**EXERCISE**: The records that follow are to be repeated exactly, with the pictures removed.

++++++++++++++++++++

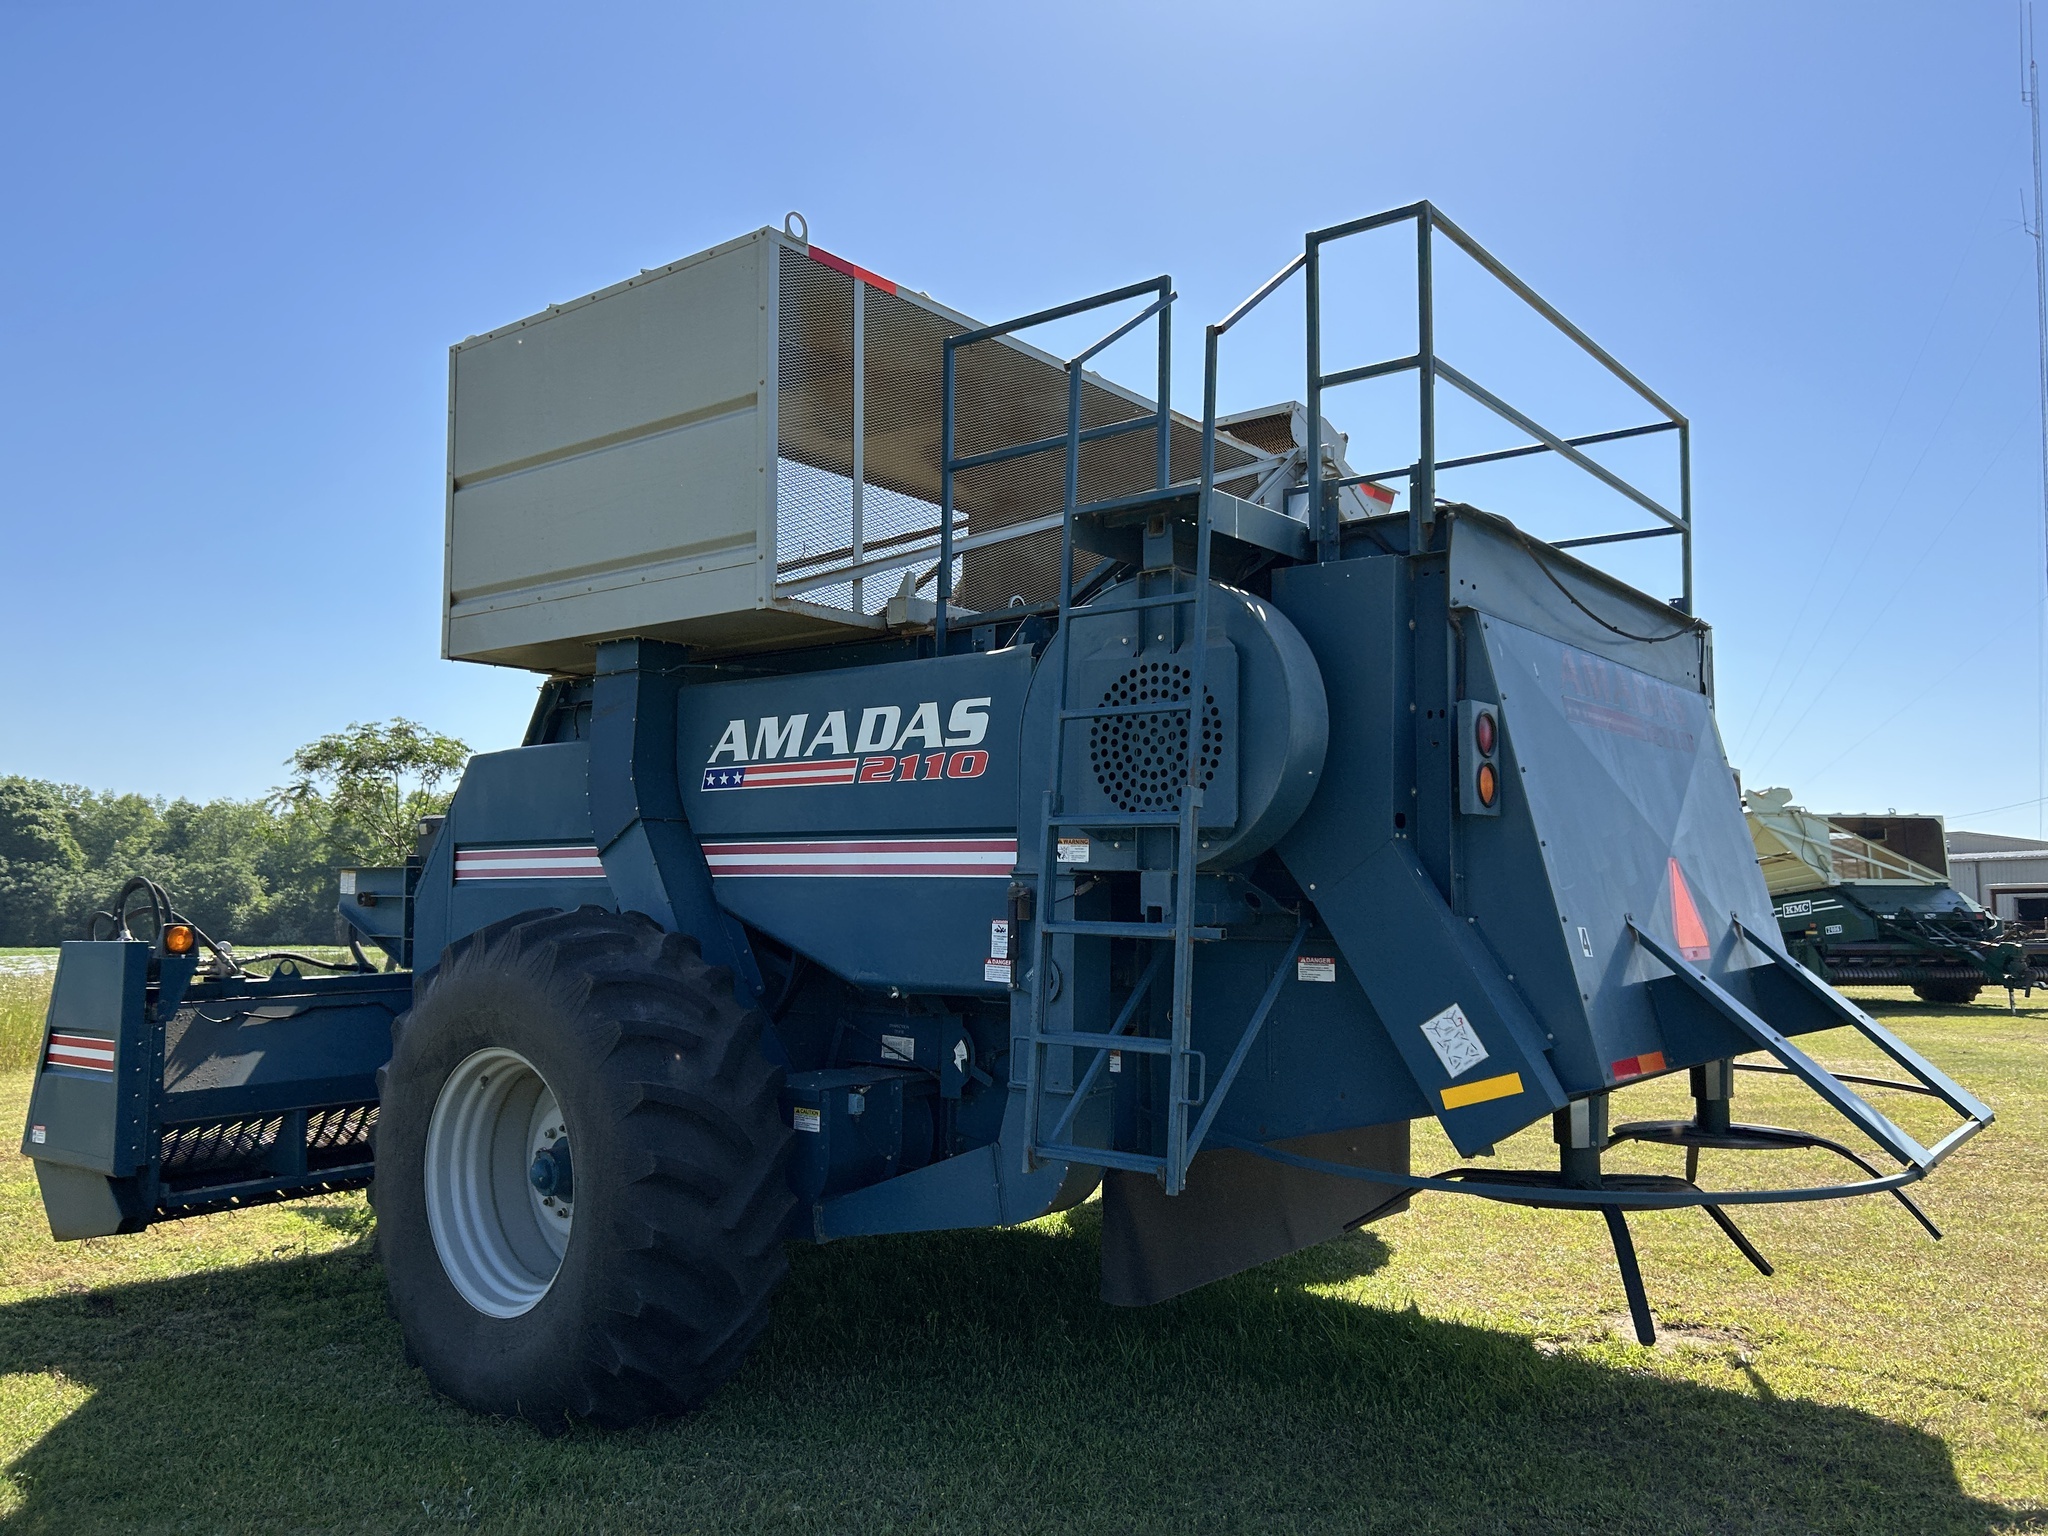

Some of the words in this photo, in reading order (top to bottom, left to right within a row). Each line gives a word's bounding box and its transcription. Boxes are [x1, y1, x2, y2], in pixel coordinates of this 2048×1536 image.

[707, 697, 991, 763] AMADAS
[858, 750, 989, 784] 2110
[1785, 903, 1809, 914] KMC
[1582, 928, 1591, 956] 4

++++++++++++++++++++

**ANSWER FOR THIS EXERCISE**:
Some of the words in this photo, in reading order (top to bottom, left to right within a row). Each line gives a word's bounding box and its transcription. Boxes are [x1, y1, x2, y2], in pixel coordinates of this 2048×1536 image.

[707, 697, 991, 763] AMADAS
[858, 750, 989, 784] 2110
[1785, 903, 1809, 914] KMC
[1582, 928, 1591, 956] 4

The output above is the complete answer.